Текст книги "Солнце над рекой Сангань"
Автор книги: Дин Лин
Жанр:
Классическая проза
сообщить о нарушении
Текущая страница: 22 (всего у книги 23 страниц)
ГЛАВА LIV
В комиссии по переделу
После образования групп в комиссию стало ходить меньше народу, и она успешно выполняла подготовительную работу: подсчитывала количество земли, подлежащее переделу, устанавливала ее качество, состав семей, разбивая их на категории в зависимости от достатка. Все члены комиссии поступились личными интересами и стремились справедливо произвести передел.
Особенно старался старик Го Цюань. Детей у него не было, племянники, которых он воспитывал, уже выросли, а Чжан Юй-минь стал одним из руководителей деревни. Сам старик довольствовался несколькими фруктовыми деревьями, которые достались ему в прошлом году.
– Эх, – говорил он, – председатель Мао далеко отсюда, а как болеет за нас душой! Как же нам самим не болеть о делах своей деревни? Вот заживем хорошо, тогда и председателю Мао станет спокойней.
Этому добряку хотелось всем дать хорошую землю. Часто в обеденный перерыв к нему приходили односельчане и он заявлял им:
– Не волнуйся, малый, ручаюсь, тебя не обидят. Но в этом деле хозяин не я, оно – общее.
Но когда распределяли землю, старик все-таки вмешивался:
– Этому дайте орошаемой, у него в семье мало рабочих рук!
Или:
– Ах, человек он бедный. В жизни видел мало радости, ему непременно нужно орошаемой!
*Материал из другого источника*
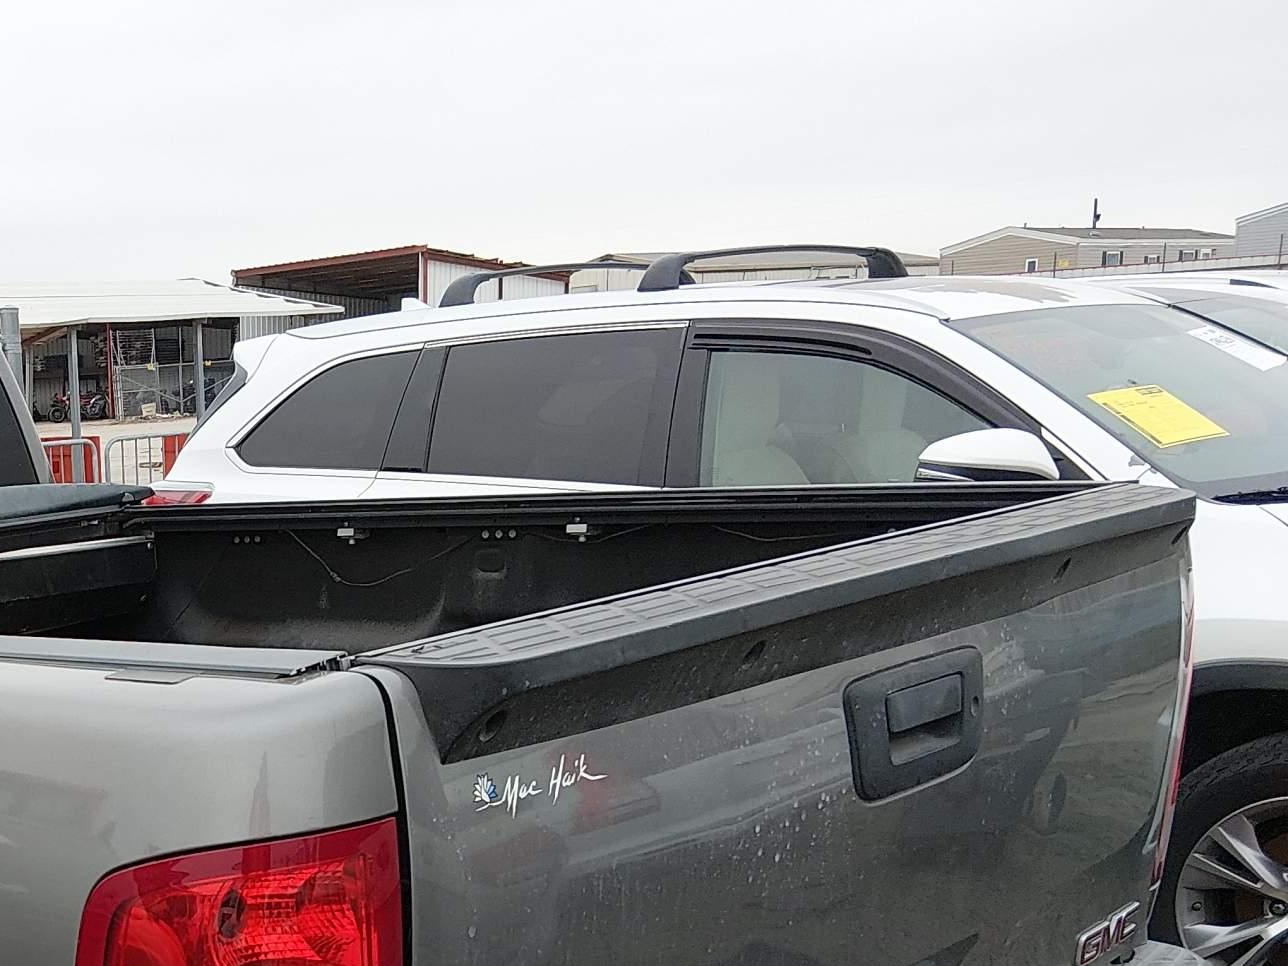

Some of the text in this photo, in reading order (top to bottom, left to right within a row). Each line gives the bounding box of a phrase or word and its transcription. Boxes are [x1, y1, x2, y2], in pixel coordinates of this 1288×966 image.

[486, 753, 609, 820] Mac Haik
[1074, 901, 1141, 966] GMC
– Землю-то всю нужно распределить, – возражал ему племянник, – и хорошую и плохую, разве здесь не все бедняки?
Иногда он просто отмахивался от старика:
– Не суйся с советами, шел бы ты лучше отдыхать.
Теперь крестьяне редко заглядывали в комиссию, но активисты постоянно находились там. Победа над Цянь Вэнь-гуем помогла им выпрямиться во весь рост. Они стали настоящими хозяевами деревни и сами вникали во все.
Чэн Жэню и Чжан Юй-миню неловко было удалять из помещения комиссии активистов – ведь все они братья. Бывало, придут, постоят, послушают, иногда даже помогут в работе, но когда вопрос заходил о них, некоторые члены комиссии невольно выискивали для них участки получше, независимо от их имущественного положения. Никто, правда, сам ничего не требовал, не и не отказывался. Вэнь Цай в таких случаях убеждал Го Цюаня:
– Ты слишком добрый, старый Го, активисты, конечно, люди свои, нам помогают, но мы должны считаться с их достатком, иначе нас обвинят в пристрастии и вся наша работа окажется бесполезной.
Го Цюань гладил усы и оглядывался по сторонам, но все хранили молчание. Тут вмешивался Го Фу-гуй, считавшийся в комиссии самым деятельным:
– А все-таки к активистам нужен другой подход. Они круглый год заботятся о нас, бедняках, стараются, тратят свое рабочее время. По-моему, их надо уважить.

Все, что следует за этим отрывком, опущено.